Lizards are free to just hang out. Well, minus those creepy transparent ones that display their little internal organs. Those are weird. I once spotted a little lizard (the normal green kind) in the shower with me, head tilted up towards the shower head. My spontaneous reaction was laughter, for I was involuntarily picturing the reptile in a pair of little lizard sunglasses; in my mind's eye, he was catching some rays. *Side note: The beach lizard story is meant to highlight my
So what do these fascinating anecdotes tell us? They tell us that my contempt for the cockroach has nothing to do with some sort of anti-crawly things agenda. Rather, my contempt for the cockroach is founded on one fact alone -- they are the evil spawn of Satan. There, I said it.
This brings me to the traumatic event that took place last week, which I will relate in the present tense so as to heighten the suspense.
It's 5:00 a.m., and I'm forcing myself out of bed. It's my first day of boot camp. As I squeeze into my leggings, it occurs to me that I should allow my dog out on the patio terrace briefly so as to prevent a doggy surprise upon my return. Once in the family room, I spot a large, dead roach in the kitchen. "Second one this week!" Thinking about having to throw it out is making me slightly nauseous. I decide to ignore it for the moment and proceed to open the sliding glass door for Doggy. Out trots Doggy, not a care in the world. I, on the other hand, am on edge. A sixth sense tells me something is looming. A slight tilt of my head to the left ... heart stops. There, on the edge of the sliding door I've just opened, less than two inches from my head, about the size of my palm, lies the enemy of all that is holy. It has wings. Do you hear me? IT. HAS. WINGS!
In moments of terror such as these, I do not scream. I do nothing that may potentially disturb the foe, for then it will move, and I will faint. Instead, I step cautiously backwards until I can reach my handy bug spray. "I ♥ you, bug spray." I stand as far away as I possibly can from the roach while still at spraying distance. I psychologically prepare myself, squint my eyes, and spray with all my might!
Then it happens. It moves.
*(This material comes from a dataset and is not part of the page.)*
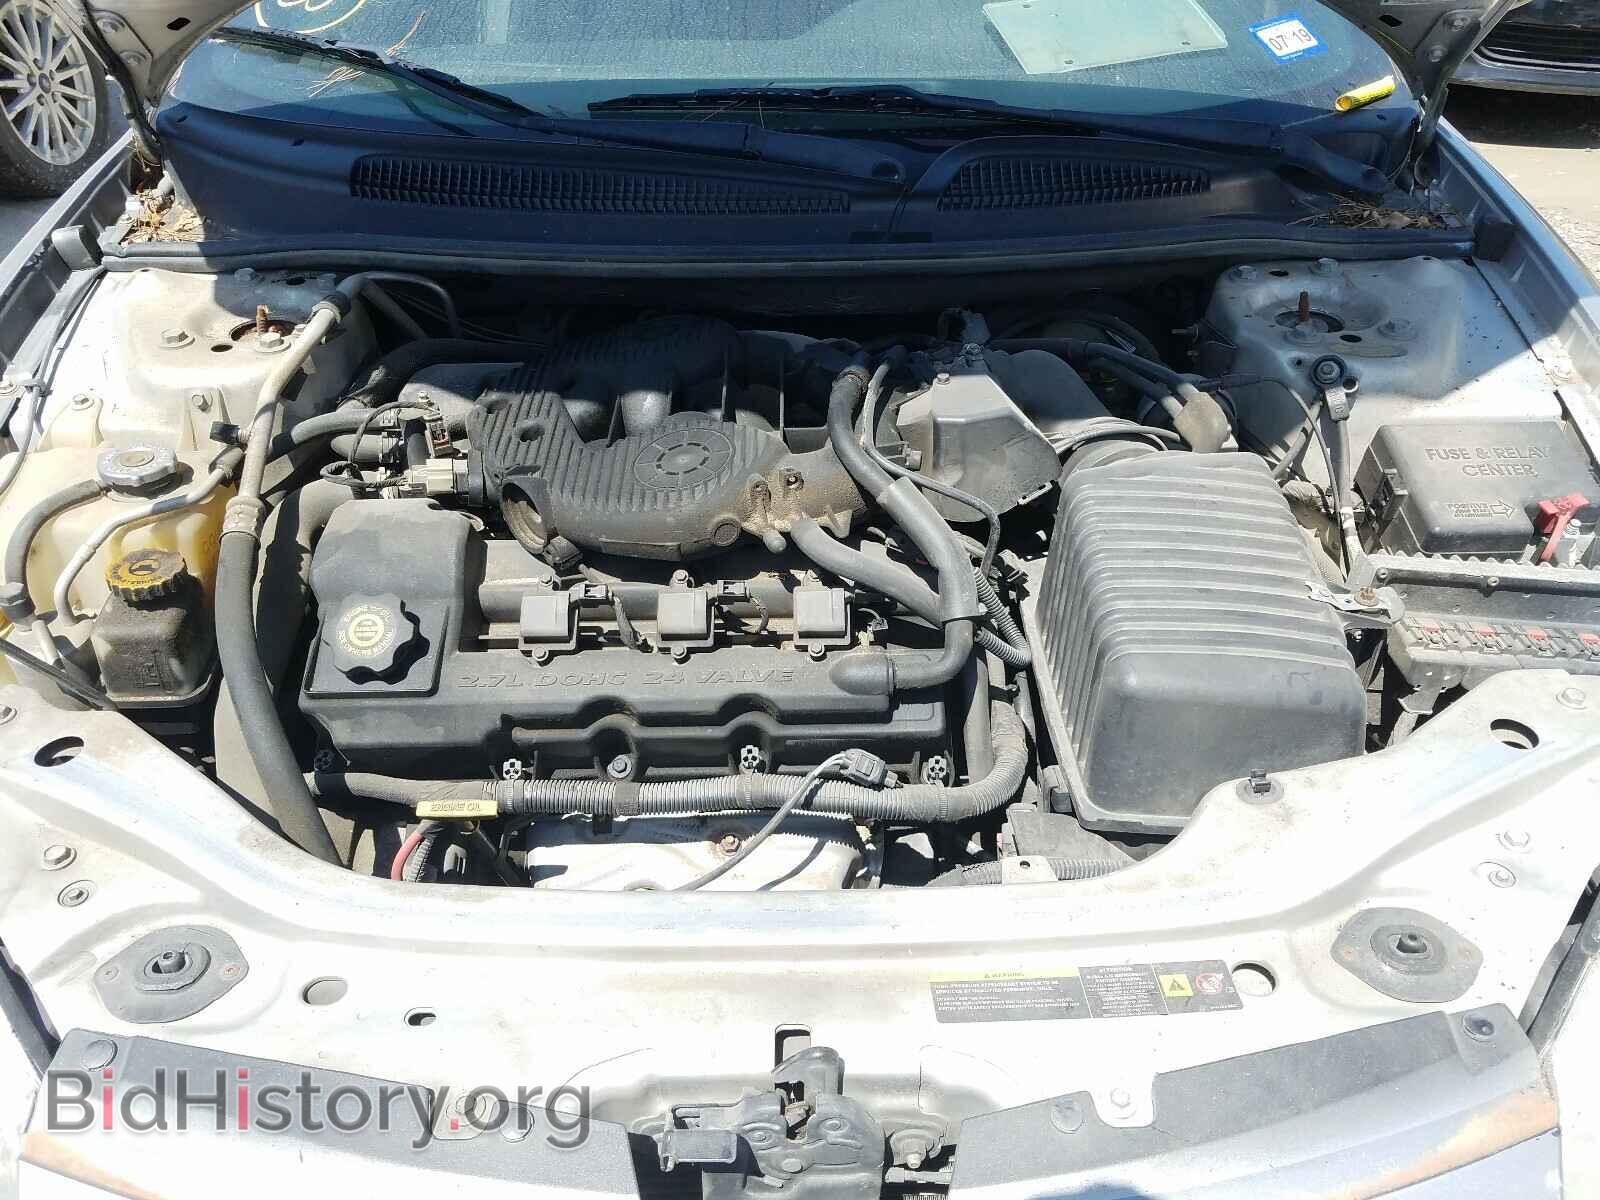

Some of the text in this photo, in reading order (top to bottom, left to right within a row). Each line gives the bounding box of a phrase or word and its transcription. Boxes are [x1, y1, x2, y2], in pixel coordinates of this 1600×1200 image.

[1268, 29, 1312, 51] 07 19
[1424, 446, 1552, 460] FUSE & RELAY
[1462, 463, 1538, 478] CENTER
[457, 668, 795, 688] 2.7L DOHC 24 VALVE
It scurries around maniacally as I follow it everywhere with my poison. This is key. I mustn't lose focus now. My ultra hyper miniature pincher is uncharacteristically calm, hanging out in the kitchen and looking at me like I'm crazy (which I am). And just like that, as if by a twisted, black magic (because roaches are basically Voldemort), it's gone. It has disappeared, and who's to say where it's hiding now?
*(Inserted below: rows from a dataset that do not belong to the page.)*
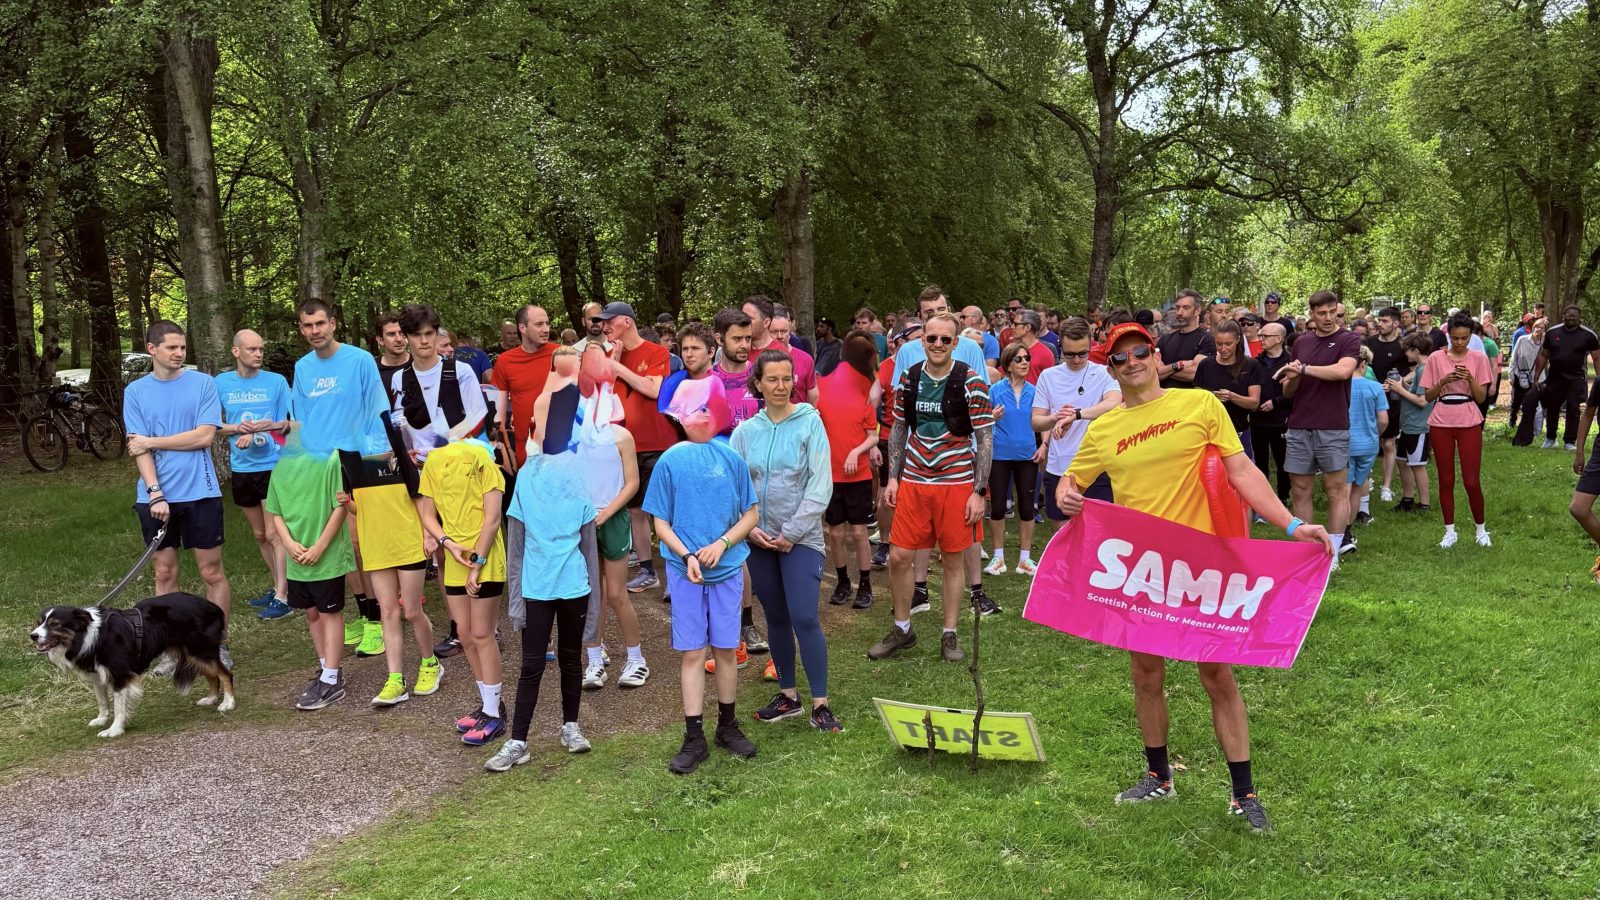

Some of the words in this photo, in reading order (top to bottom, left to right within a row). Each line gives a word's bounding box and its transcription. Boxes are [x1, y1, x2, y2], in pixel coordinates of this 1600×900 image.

[915, 401, 943, 413] TERPIL
[1115, 418, 1183, 456] BAYWATCH
[1089, 538, 1275, 621] SAMH
[1086, 592, 1128, 610] Scottish
[1129, 604, 1163, 619] Action
[1165, 613, 1180, 623] for
[1181, 617, 1216, 630] Mental
[1217, 623, 1249, 633] Health
I hold steady as my eyes bounce around the room. I am all alertness. A minute elapses, maybe two. Then I hear it. Its wings flutter. The sound makes me shiver. It's standing upside down beneath the upper frame of the sliding door, slightly weakened. The angle now forces me to spray at a closer distance. This gives me pause, but I recognize that I cannot give up now, so again I spray. This time, it dashes along the entire length of the glass door, ending up beneath the couch. Is this thing bionic? No matter. New angle; more spray. My house reeks of poison, and I don't care.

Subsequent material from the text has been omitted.